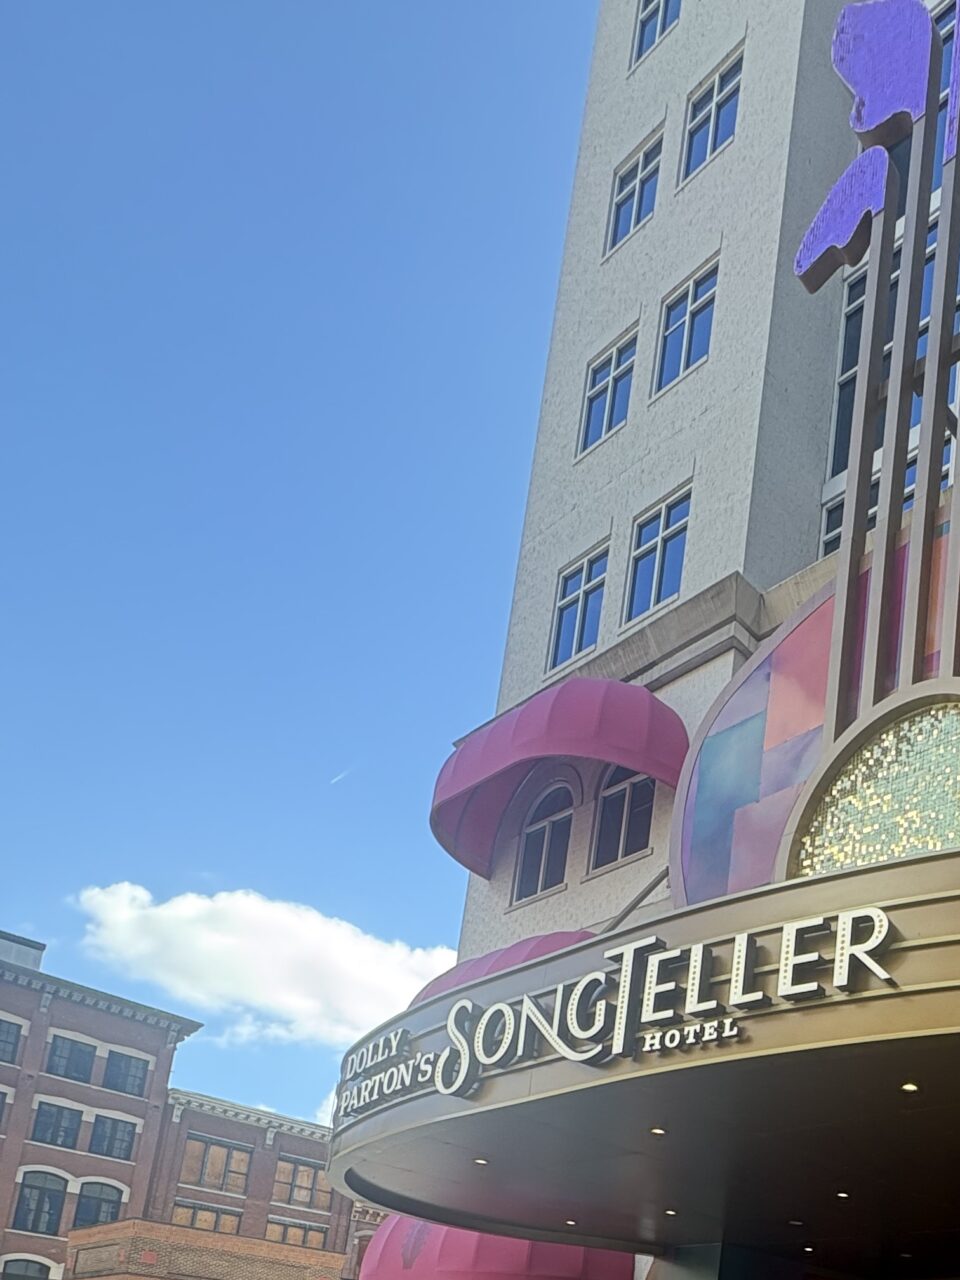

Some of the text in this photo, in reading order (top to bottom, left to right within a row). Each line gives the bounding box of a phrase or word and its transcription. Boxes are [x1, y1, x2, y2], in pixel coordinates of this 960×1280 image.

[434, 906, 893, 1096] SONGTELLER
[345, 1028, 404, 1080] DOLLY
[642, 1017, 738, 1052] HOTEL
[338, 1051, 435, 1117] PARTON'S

════════════════

**Exercise details**. In your copy, the listing above should appear word for word, with no images.

**Solution for this task**.
Some of the text in this photo, in reading order (top to bottom, left to right within a row). Each line gives the bounding box of a phrase or word and its transcription. Boxes are [x1, y1, x2, y2], in pixel coordinates of this 960×1280 image.

[434, 906, 893, 1096] SONGTELLER
[345, 1028, 404, 1080] DOLLY
[642, 1017, 738, 1052] HOTEL
[338, 1051, 435, 1117] PARTON'S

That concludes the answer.